Actually, without this special payout the value of the estimated increase in ordinary dividends is 4.4%, so Glaxo alone is responsible for the majority of the increase in dividend payouts to investors this year.
Persimmon (LSE: PSN) is also set to pay investors a hefty special dividend this year. As part of the company’s plan to return £1.9bn — £6.20 per share — to investors over several years, management is planning to pay a special dividend of 95p per share this year.
City analysts reckon that Persimmon’s dividend payouts will equate to a yield of 6.3% during 2015 and another special payout is planned every year until 2021. Specifically, Persimmon’s management is forecasting a special payout of at least 10p per share during 2016 and 2018 and payouts of 110p, 110p, 115p and 25p per share for the years 2017, 2019, 2020 and 2021.

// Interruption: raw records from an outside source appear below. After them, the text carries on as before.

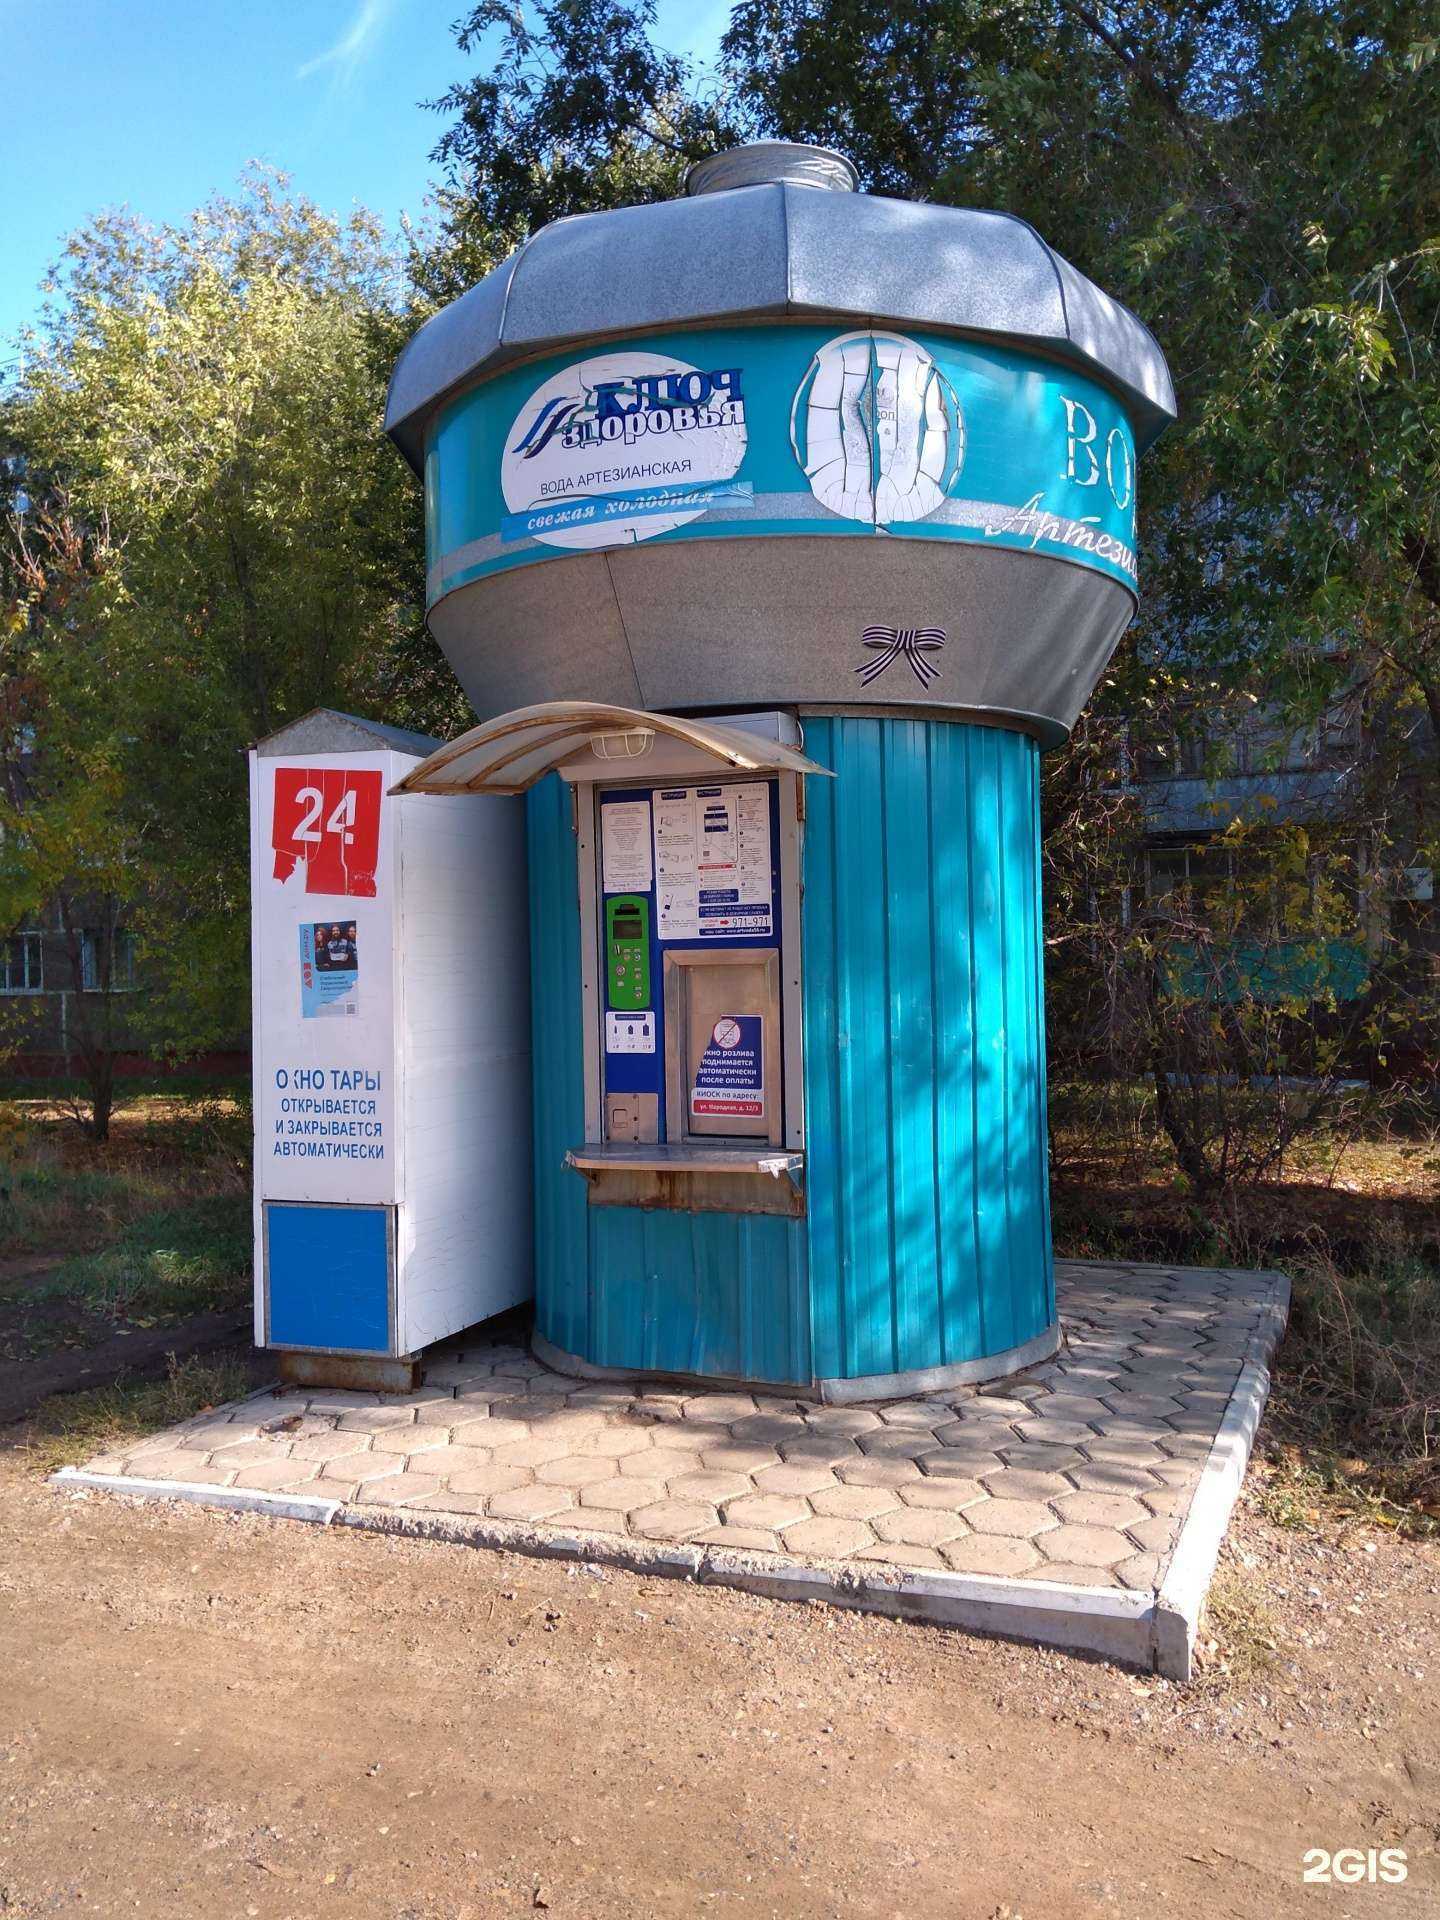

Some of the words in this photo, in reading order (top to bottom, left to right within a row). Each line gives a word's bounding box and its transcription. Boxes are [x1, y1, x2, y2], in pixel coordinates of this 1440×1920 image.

[1059, 394, 1138, 525] ВО
[540, 476, 575, 495] ВОДА
[577, 459, 692, 488] АРТЕЗИАНСКАЯ
[527, 503, 596, 530] свежая
[292, 787, 357, 845] 24
[732, 917, 768, 928] 971-971
[702, 1058, 753, 1067] поднимается
[722, 1050, 755, 1058] розлива
[698, 1067, 757, 1075] автоматически
[330, 1070, 381, 1091] ТАРЫ
[701, 1076, 724, 1084] после
[725, 1077, 754, 1085] оплаты
[281, 1098, 376, 1115] ОТКРЫВАЕТСЯ
[275, 1119, 284, 1134] И
[287, 1120, 382, 1137] ЗАКРЫВАЕТСЯ
[273, 1141, 384, 1159] АВТОМАТИЧЕСКИ
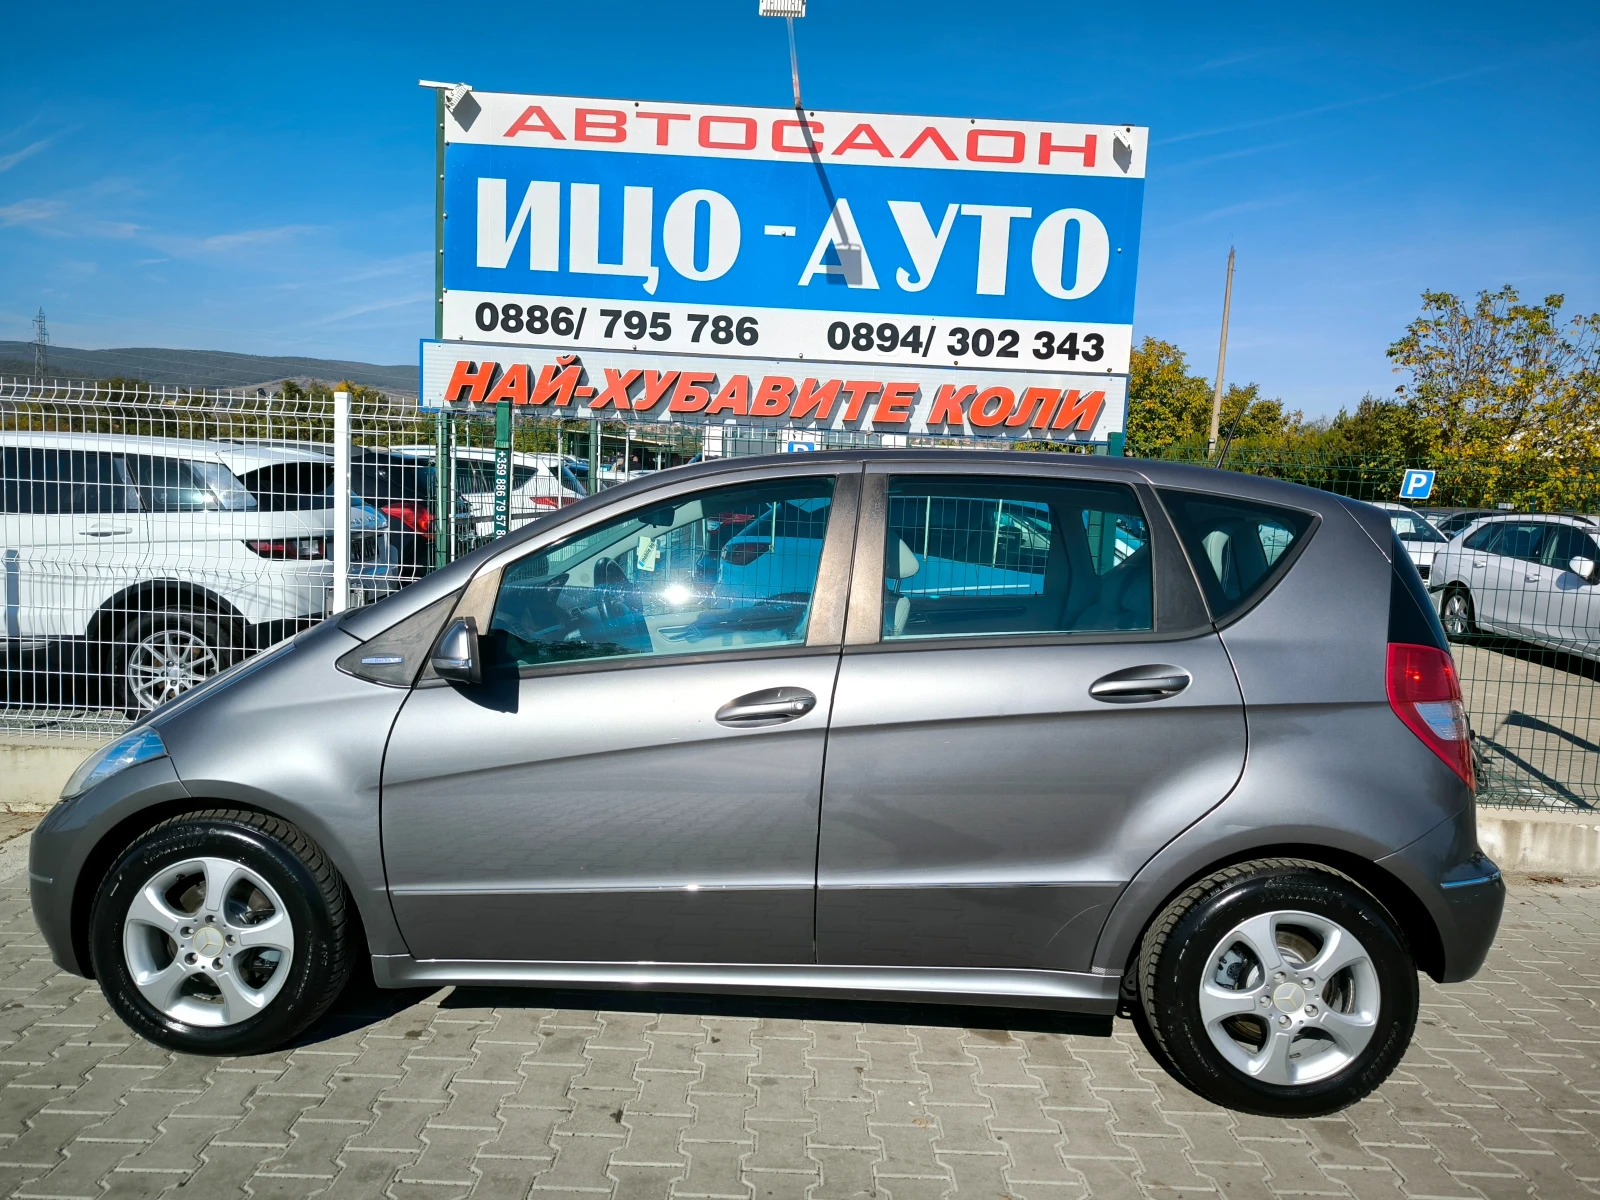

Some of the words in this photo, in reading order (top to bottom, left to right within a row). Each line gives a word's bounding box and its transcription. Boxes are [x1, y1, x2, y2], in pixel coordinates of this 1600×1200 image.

Royal Dutch Shell (LSE: RDSB) is yet another dividend champion. City analysts believe that the company’s shares will support a dividend yield of 5.7% next year despite the falling oil price. Indeed, some analysts have begun to speculate that with the price of oil collapsing, oil giants like Shell will be forced to cut their dividends in order to save cash. But Shell is unlikely to cut its payout in the near-term.
You see, Shell has a reputation to uphold. The company has paid a dividend to investors every year since the Second World War, a period which has seen a lot of volatility in the oil market and it’s unlikely to ruin this reputation now. Shell knows how to handle itself in a crisis and the company should be able to navigate through the current storm.
Vodafone’s (LSE: VOD) dividend is also under pressure as the company is paying out more to investors than it is earning on a per-share basis. For example, City analysts expect the company to pay a dividend of 11.3p per share this year, although the same forecasts expect the company to only earn 6.2p per share for the period.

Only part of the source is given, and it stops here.